А может, все оказалось сложнее, чем я думал. Дело в том, что какая-то часть моей души упивалась возможностью показать ей, из чего я свинчен и как легко эту конструкцию разобрать, – трепетная радость от того, что я полностью обнажил перед ней свою сущность, раскрылся, точно учебник анатомии, где один за другим поднимаешь покровы кальки, чтобы разглядеть цвет пожара в моих внутренностях и тихой истерики, свернувшейся клубком возле известных стыдных органов, удовольствие от моего стыда, мелкого, нелепого, перепуганного стыда – стыда, который надеваешь как маску, изо всех сил убеждаешь себя в его реальности и даже пытаешься превозмочь, хотя на самом деле оставил его, как на нудистском пляже, в шкафчике гардероба вместе с бумажником и часами.
Я попытался что-то пробормотать, чтобы скрыть смятение. Однако, подобно оленю у Овидия, пребыл безгласен – ибо сознавал, что вырвется только нечто среднее между хриплым клекотом или жалким шепотом и сделает мое положение еще нелицеприятнее, а потому сделал вид, что лишился голоса. Хотелось застонать. Хотелось, чтобы мы застонали вместе, а потом – стон, стон, стон, будто мы стали оленем и оленихой, что стонут в унисон под небом зимним студеным, где уже вовек не расставаться влюбленным.

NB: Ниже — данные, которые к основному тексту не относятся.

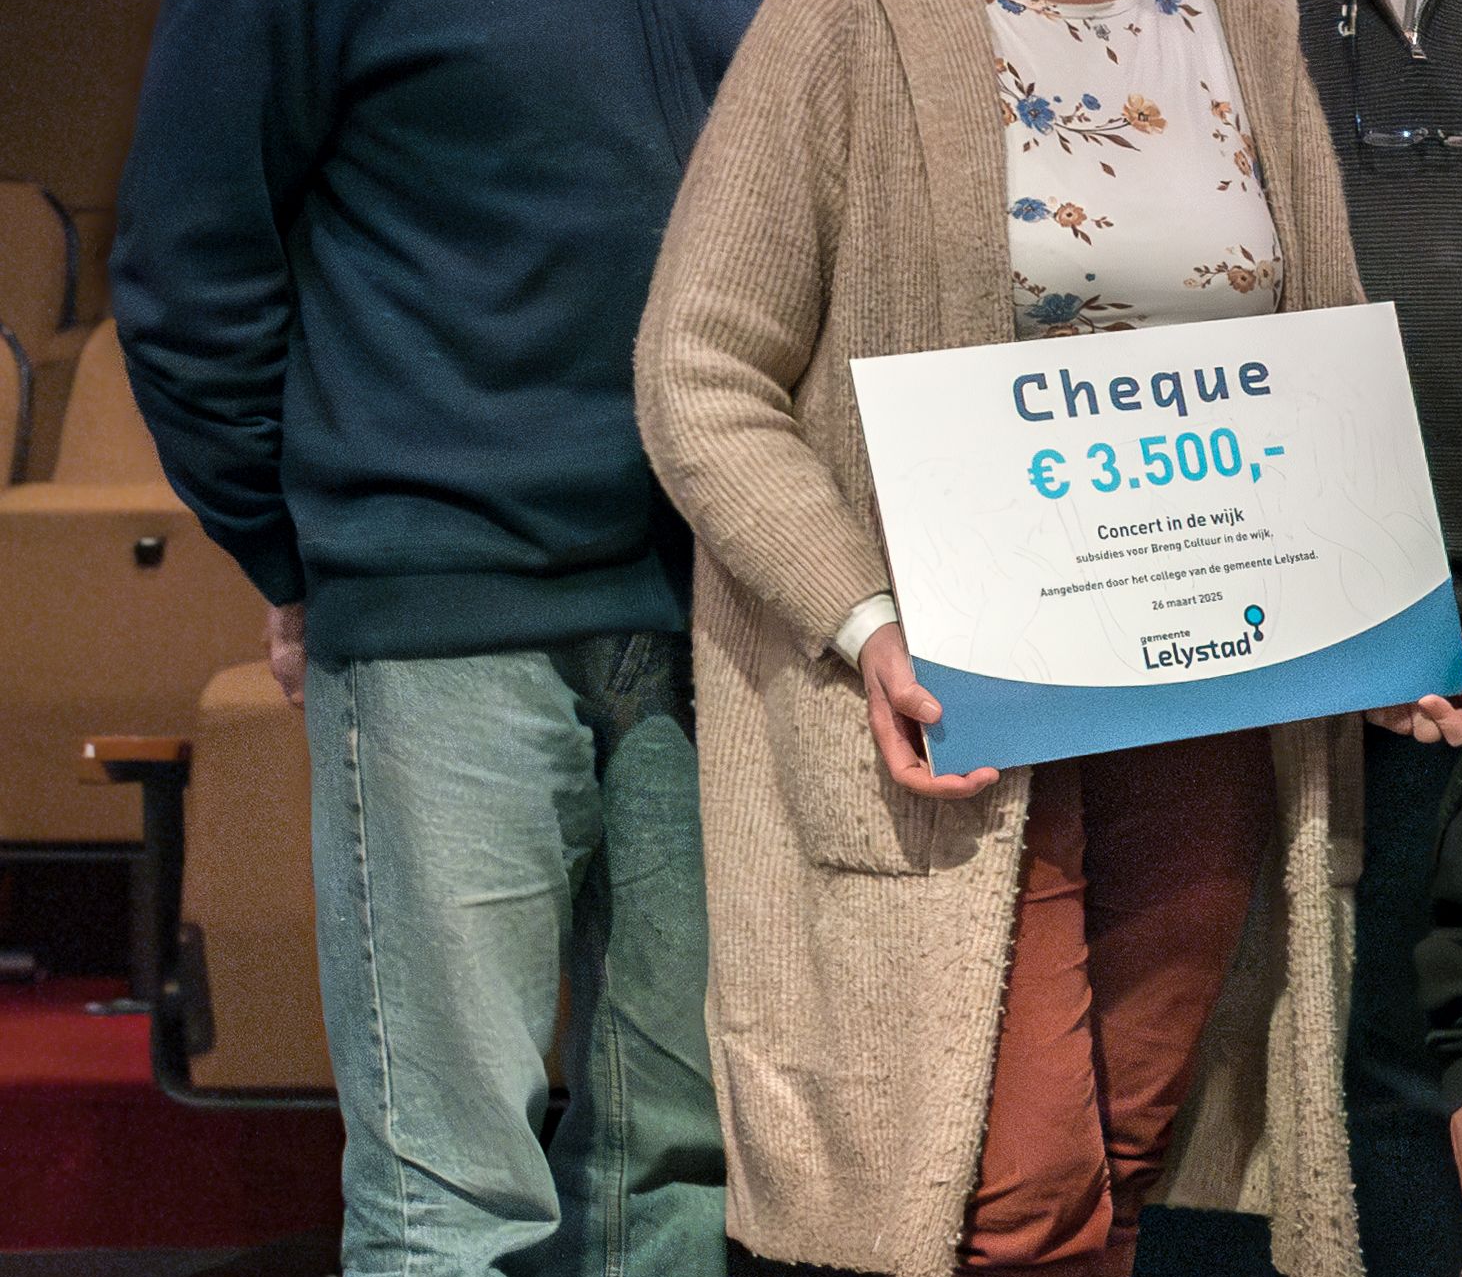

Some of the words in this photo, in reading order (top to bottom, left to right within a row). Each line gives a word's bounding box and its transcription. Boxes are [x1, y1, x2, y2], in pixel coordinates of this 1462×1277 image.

[1012, 361, 1272, 423] Cheque
[1026, 448, 1071, 500] €
[1086, 427, 1285, 494] 3.500,-
[1097, 518, 1164, 541] Concert
[1166, 515, 1183, 532] in
[1186, 513, 1207, 529] de
[1209, 507, 1245, 527] wijk
[1075, 550, 1125, 564] subsidies
[1125, 546, 1149, 557] voor
[1150, 542, 1183, 554] Breng
[1183, 536, 1222, 549] Cultuur
[1223, 534, 1235, 544] in
[1235, 531, 1249, 542] de
[1040, 580, 1105, 598] Aangeboden
[1105, 577, 1130, 589] door
[1131, 574, 1149, 585] het
[1149, 569, 1187, 583] college
[1188, 567, 1208, 577] van
[1208, 564, 1222, 574] de
[1222, 557, 1273, 574] gemeente
[1151, 599, 1165, 611] 26
[1165, 595, 1198, 609] maart
[1197, 591, 1224, 604] 2025
[1139, 629, 1191, 647] gemeente
[1142, 631, 1252, 671] Lelystad

Итак, вот ее кусочек хлеба. А вот он я, пытаюсь показать, что хлеб мне совсем не нужен, со мной и раньше такое бывало, я справлюсь, через минутку, сейчас, секундочку, главное – не надо таращиться, чтобы я не потерял лицо, – раненый боец сам промывает рану и накладывает швы, так-то!
Но она сидела, подобно бдительной сиделке на почасовой оплате – не уйдет, пока пациент не проглотит последнюю прописанную врачом пилюлю.

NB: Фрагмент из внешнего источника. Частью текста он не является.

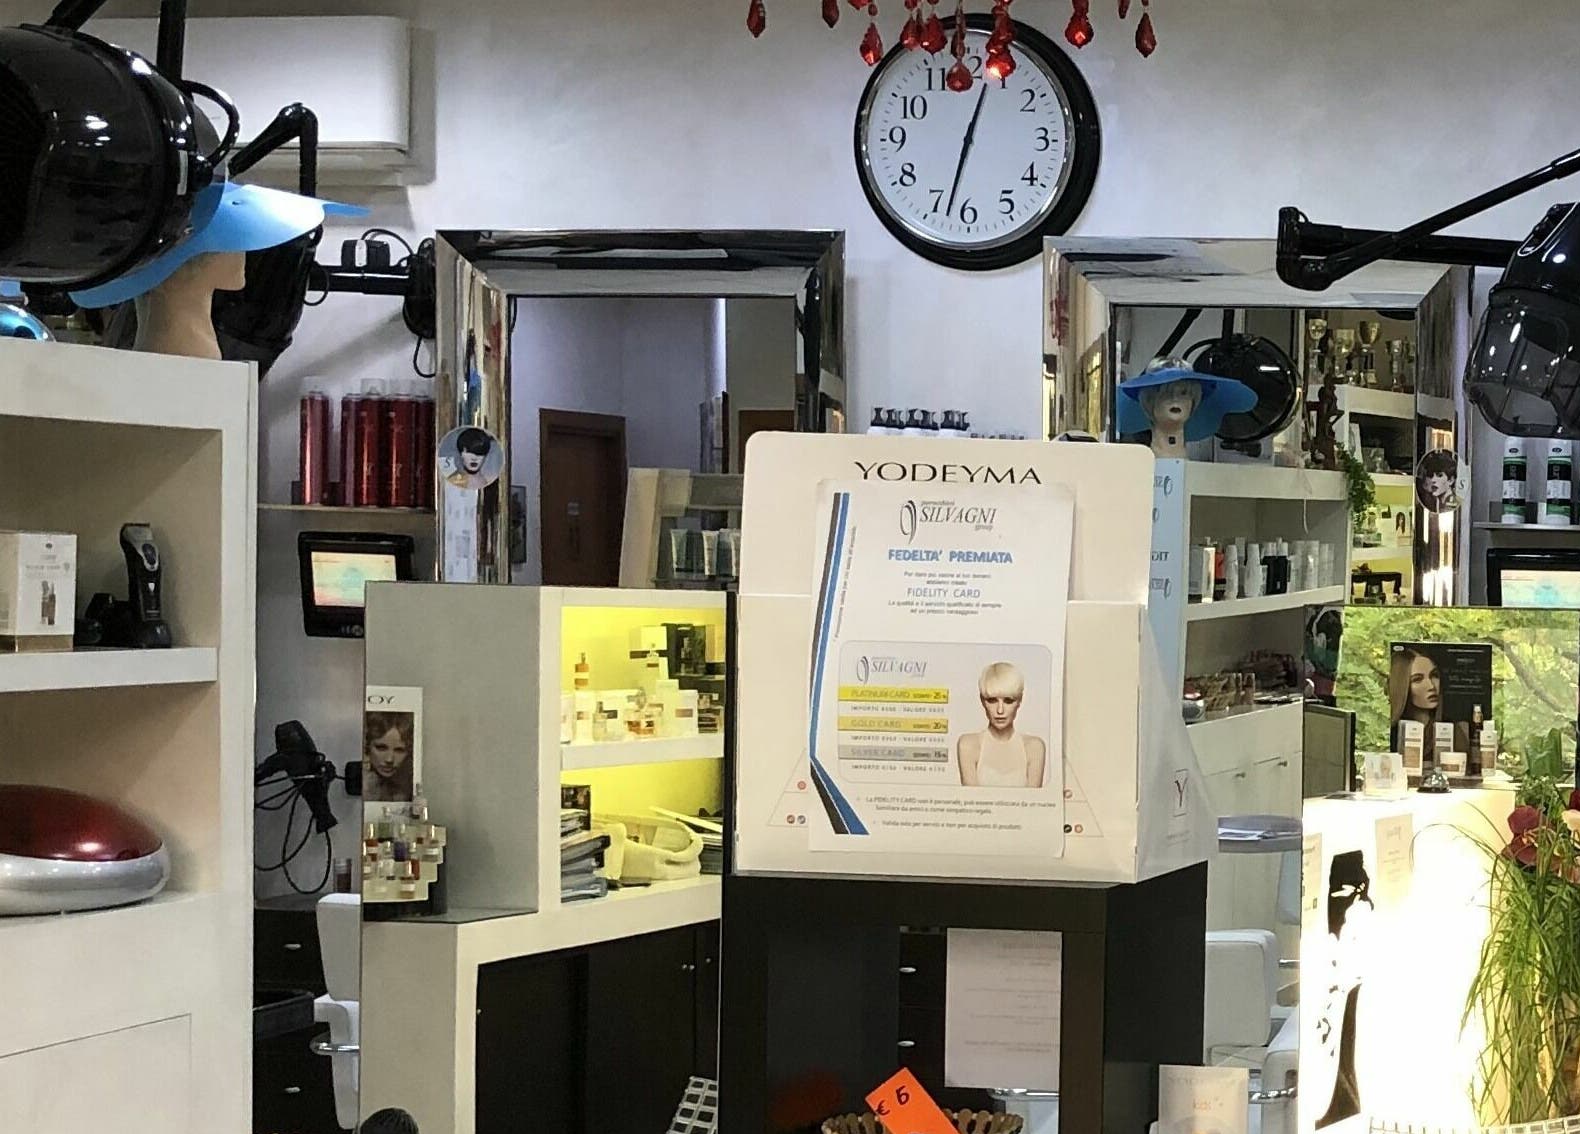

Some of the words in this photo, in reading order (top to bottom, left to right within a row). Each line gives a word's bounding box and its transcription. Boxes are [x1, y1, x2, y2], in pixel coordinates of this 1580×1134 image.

– Вот, возьми хлеб, – сказала она. – И подержи во рту, авось поможет.
Я – Клара, милосердная.
Я взял его, как порою берут носовой платок, без сопротивления, без гордыни, ибо знал – и именно это скрывалось за моей вымученной улыбкой, – что, вопреки своей воле, вопреки всем раскладам, вопреки всем объяснениям, подошел к обрыву столь близко, что теперь осталась одна забота: сделать так, чтобы спазм, который того и гляди вырвется из горла, не оказался рыданием.

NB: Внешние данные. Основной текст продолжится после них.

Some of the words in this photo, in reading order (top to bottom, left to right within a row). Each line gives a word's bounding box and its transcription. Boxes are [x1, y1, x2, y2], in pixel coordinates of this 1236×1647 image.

Наконец я проглотил хлеб. Она молча следила за движениями моего кадыка.
Потом она повернулась, посмотрела в окно. Она напоминала мне человека, который считает тебе пульс, глядя в сторону, отсчитывает секунды с отрешенным видом. Я не знал, что делать, и потому повернулся тоже и уставился на Гудзон; плечи наши соприкасались – мы понимали, что это безобидный пустяк, и часть моей души так и рвалась показать, что молчание – самое обычное дело между посторонними людьми, которые познакомились на вечеринке и теперь нуждаются в передышке. Мы ничего не сказали по поводу вида, по поводу знакомых и не знакомых ей людей в комнате, по поводу огоньков, мигавших за рекой в Нью-Джерси, по поводу скорбных льдин, старательно сплавлявшихся по течению, будто разбросанное стадо овечек, пастухом при котором – стоящая на приколе баржа, что провожает их светом бдительного прожектора.